-- Information provided follows --

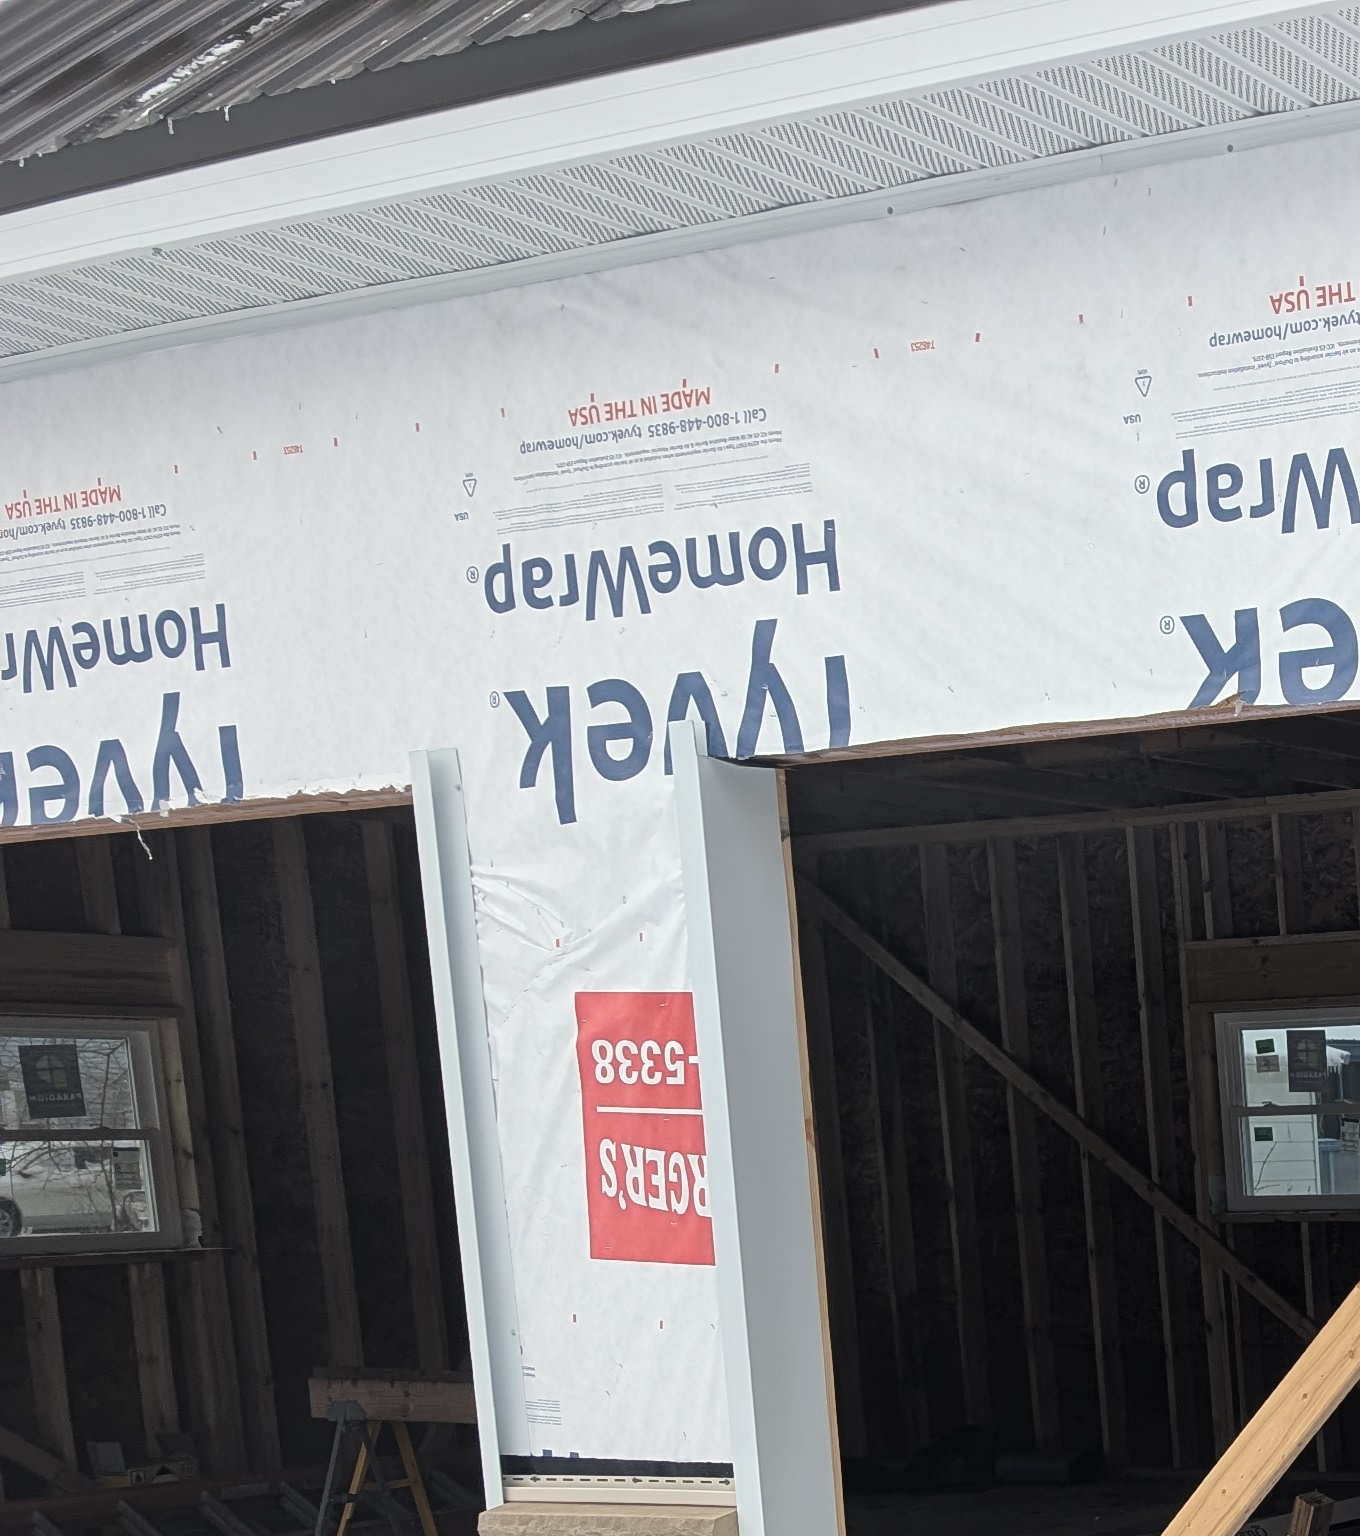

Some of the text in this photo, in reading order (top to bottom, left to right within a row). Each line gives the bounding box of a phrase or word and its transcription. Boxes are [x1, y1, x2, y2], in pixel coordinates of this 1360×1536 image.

[1268, 289, 1311, 315] USA
[1316, 282, 1356, 308] THE
[909, 338, 936, 352] T46253
[568, 387, 712, 427] MADE IN THE USA
[1122, 414, 1142, 425] USA
[520, 408, 767, 455] Call 1-800-448-9835 tyvek.com/homewrap
[3, 485, 122, 520] MADE IN THE USA
[147, 504, 167, 517] Call
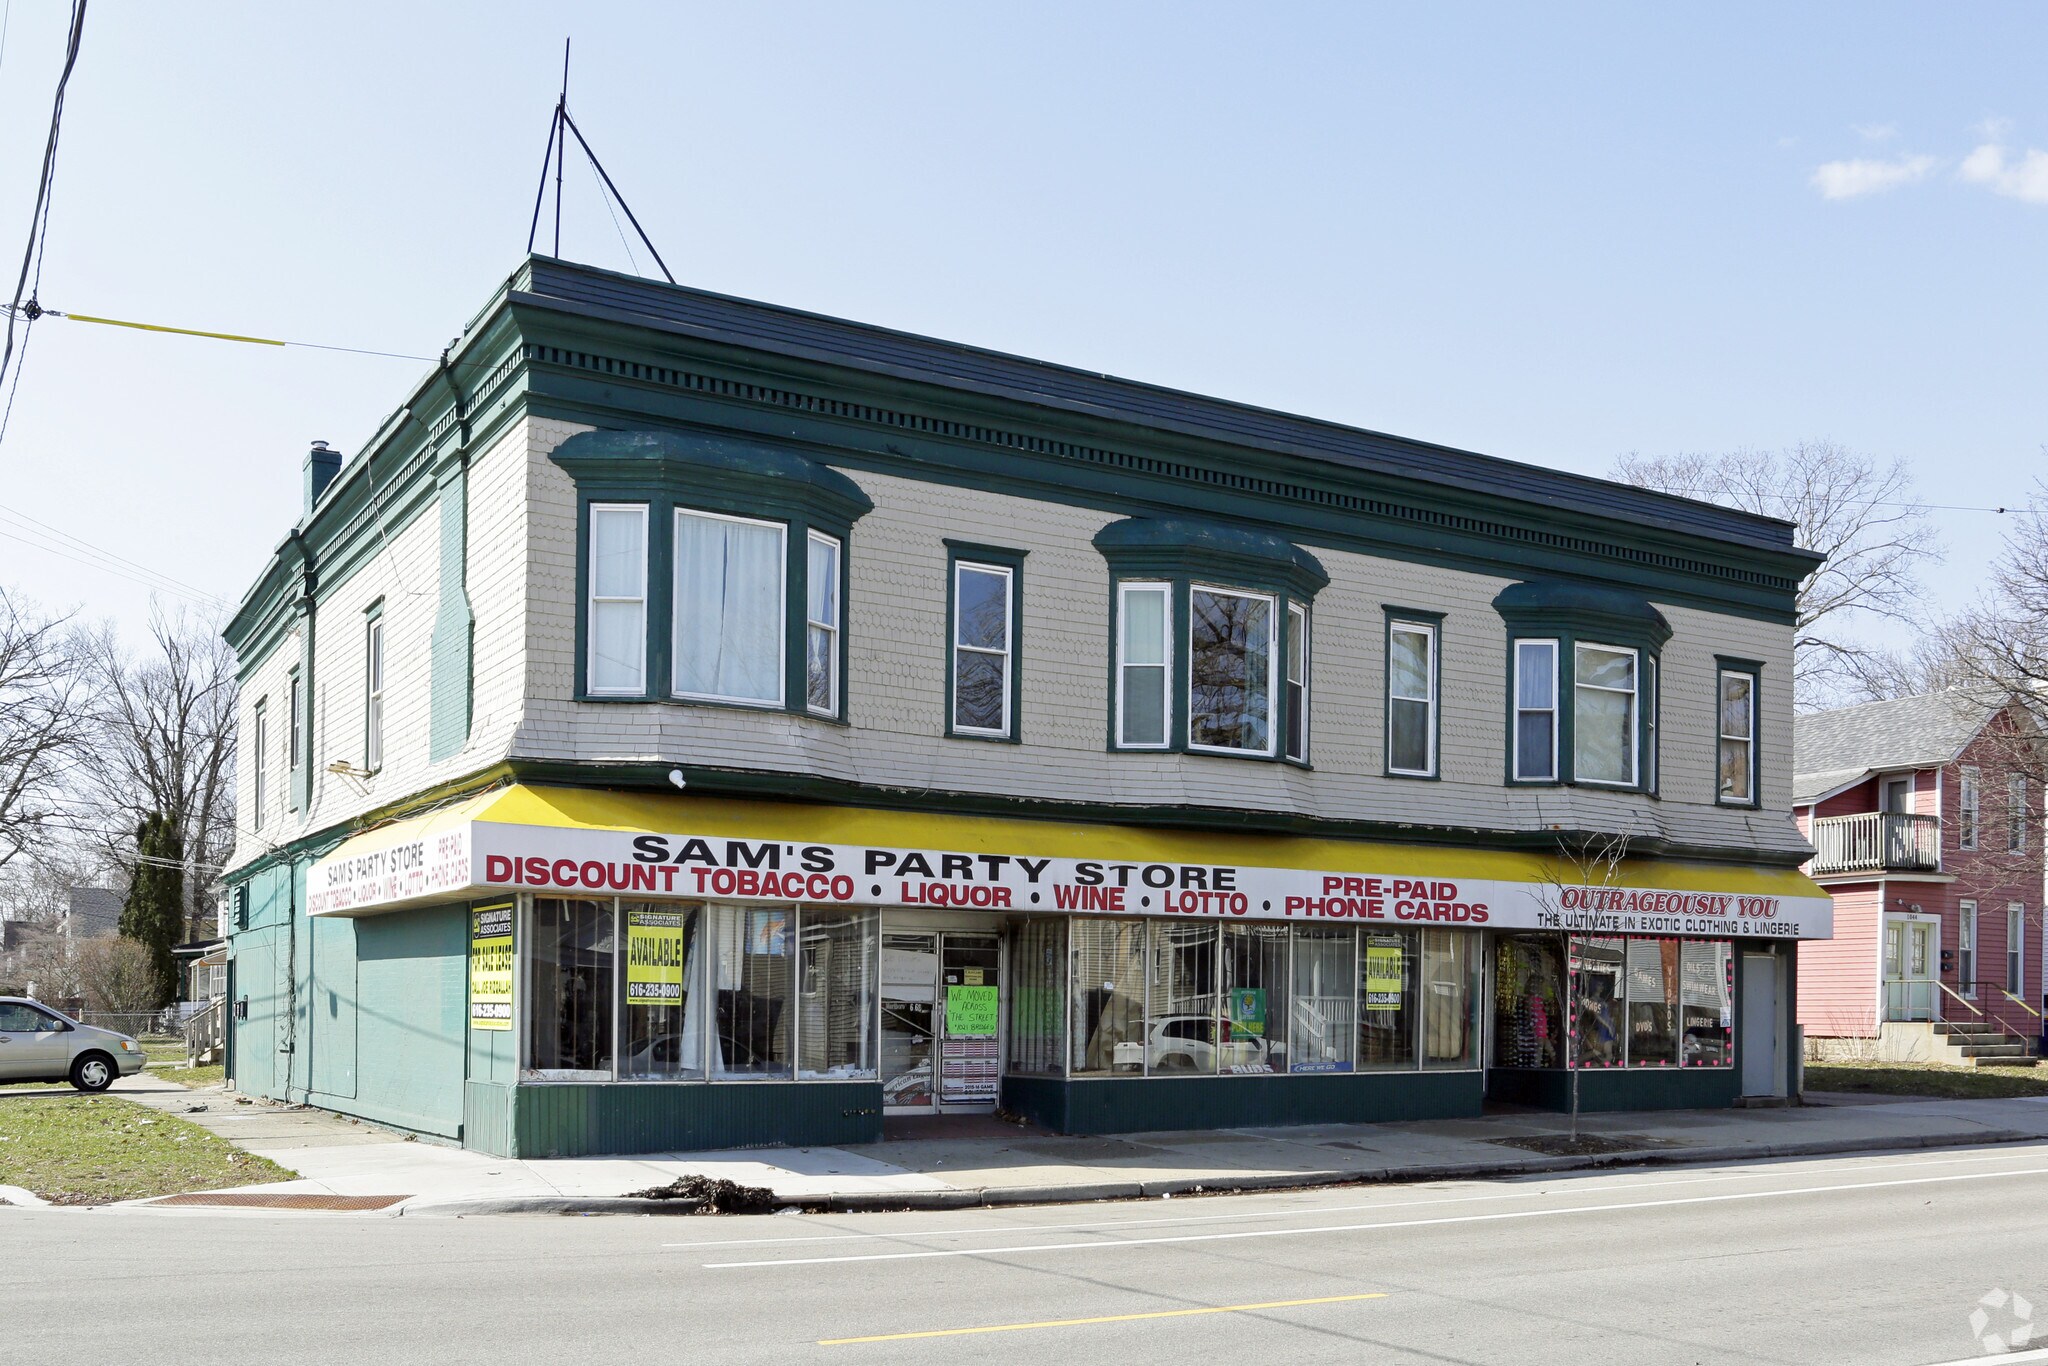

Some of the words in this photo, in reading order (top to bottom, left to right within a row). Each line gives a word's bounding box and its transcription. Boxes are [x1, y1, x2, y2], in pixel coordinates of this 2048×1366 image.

[356, 851, 387, 880] PARTY
[390, 842, 424, 873] STORE
[632, 835, 835, 873] SAM'S
[864, 849, 1052, 883] PARTY
[1075, 862, 1237, 891] STORE
[404, 870, 424, 895] LOTTO
[485, 855, 680, 892] DISCOUNT
[691, 867, 855, 901] TOBACCO
[901, 881, 1012, 908] LIQUOR
[1053, 883, 1125, 911] WINE
[1164, 889, 1249, 915] LOTTO
[1322, 876, 1458, 900] PRE-PAID
[1285, 896, 1385, 919] PHONE
[1394, 901, 1489, 923] CARDS
[1560, 887, 1733, 918] OUTRAGEOUSLY
[1736, 897, 1781, 919] YOU
[480, 909, 512, 923] SIGNATURE
[1538, 913, 1560, 927] THE
[1565, 913, 1619, 930] ULTIMATE
[1624, 916, 1636, 930] IN
[1641, 917, 1681, 932] EXOTIC
[1686, 918, 1738, 934] CLOTHING
[1742, 921, 1750, 933] &
[1754, 921, 1800, 936] LINGERIE
[480, 921, 511, 935] ASSOCIATES
[630, 937, 681, 967] AVAILABLE
[1369, 956, 1400, 979] AVAILABLE
[1634, 967, 1656, 987] GAMES
[629, 983, 680, 997] 616-235-0900
[951, 990, 961, 1001] WE
[966, 990, 993, 1001] MOVED
[1683, 980, 1716, 996] SWIMWEAR
[951, 1012, 964, 1021] THE
[969, 1013, 995, 1022] STREET
[961, 1002, 988, 1012] ACROSS
[1686, 1017, 1713, 1028] LINGERIE
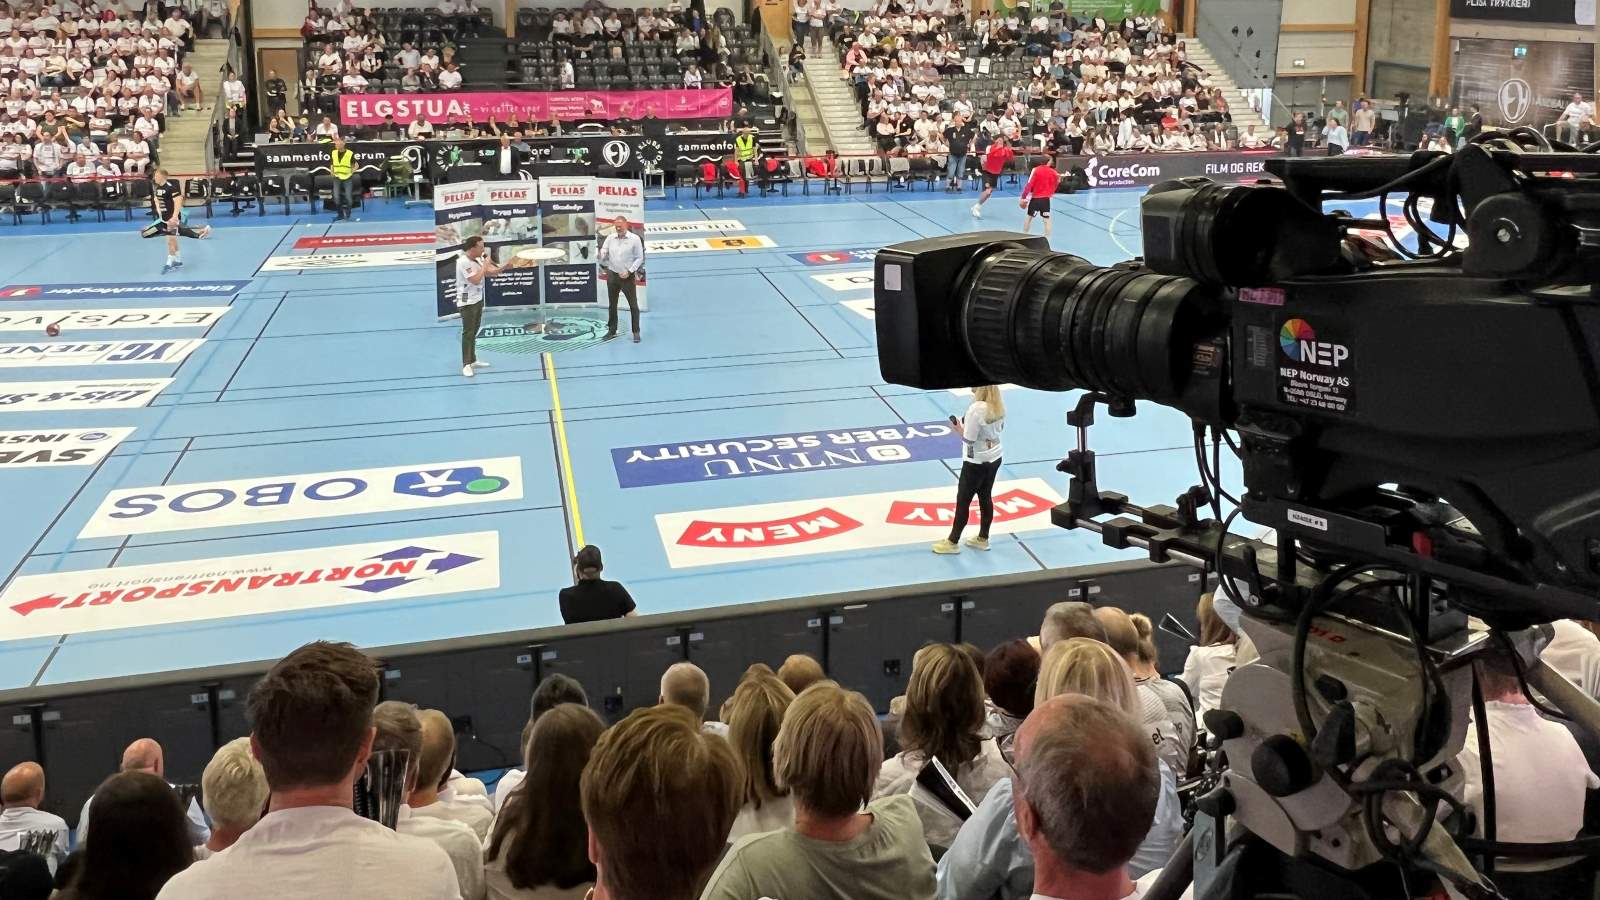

-- Information provided concluded --

◆ Exercise objective
Repeat the lines above precisely and skip every picture.

◆ Response to this exercise
Some of the text in this photo, in reading order (top to bottom, left to right within a row). Each line gives the bounding box of a phrase or word and its transcription. Boxes are [x1, y1, x2, y2], in pixel coordinates of this 1360×1536 image.

[1268, 289, 1311, 315] USA
[1316, 282, 1356, 308] THE
[909, 338, 936, 352] T46253
[568, 387, 712, 427] MADE IN THE USA
[1122, 414, 1142, 425] USA
[520, 408, 767, 455] Call 1-800-448-9835 tyvek.com/homewrap
[3, 485, 122, 520] MADE IN THE USA
[147, 504, 167, 517] Call

Some of the words in this photo, in reading order (top to bottom, left to right within a row). Each line gives a word's bounding box and its transcription. Boxes are [x1, y1, x2, y2], in pixel coordinates of this 2048×1366 image.

[356, 851, 387, 880] PARTY
[390, 842, 424, 873] STORE
[632, 835, 835, 873] SAM'S
[864, 849, 1052, 883] PARTY
[1075, 862, 1237, 891] STORE
[404, 870, 424, 895] LOTTO
[485, 855, 680, 892] DISCOUNT
[691, 867, 855, 901] TOBACCO
[901, 881, 1012, 908] LIQUOR
[1053, 883, 1125, 911] WINE
[1164, 889, 1249, 915] LOTTO
[1322, 876, 1458, 900] PRE-PAID
[1285, 896, 1385, 919] PHONE
[1394, 901, 1489, 923] CARDS
[1560, 887, 1733, 918] OUTRAGEOUSLY
[1736, 897, 1781, 919] YOU
[480, 909, 512, 923] SIGNATURE
[1538, 913, 1560, 927] THE
[1565, 913, 1619, 930] ULTIMATE
[1624, 916, 1636, 930] IN
[1641, 917, 1681, 932] EXOTIC
[1686, 918, 1738, 934] CLOTHING
[1742, 921, 1750, 933] &
[1754, 921, 1800, 936] LINGERIE
[480, 921, 511, 935] ASSOCIATES
[630, 937, 681, 967] AVAILABLE
[1369, 956, 1400, 979] AVAILABLE
[1634, 967, 1656, 987] GAMES
[629, 983, 680, 997] 616-235-0900
[951, 990, 961, 1001] WE
[966, 990, 993, 1001] MOVED
[1683, 980, 1716, 996] SWIMWEAR
[951, 1012, 964, 1021] THE
[969, 1013, 995, 1022] STREET
[961, 1002, 988, 1012] ACROSS
[1686, 1017, 1713, 1028] LINGERIE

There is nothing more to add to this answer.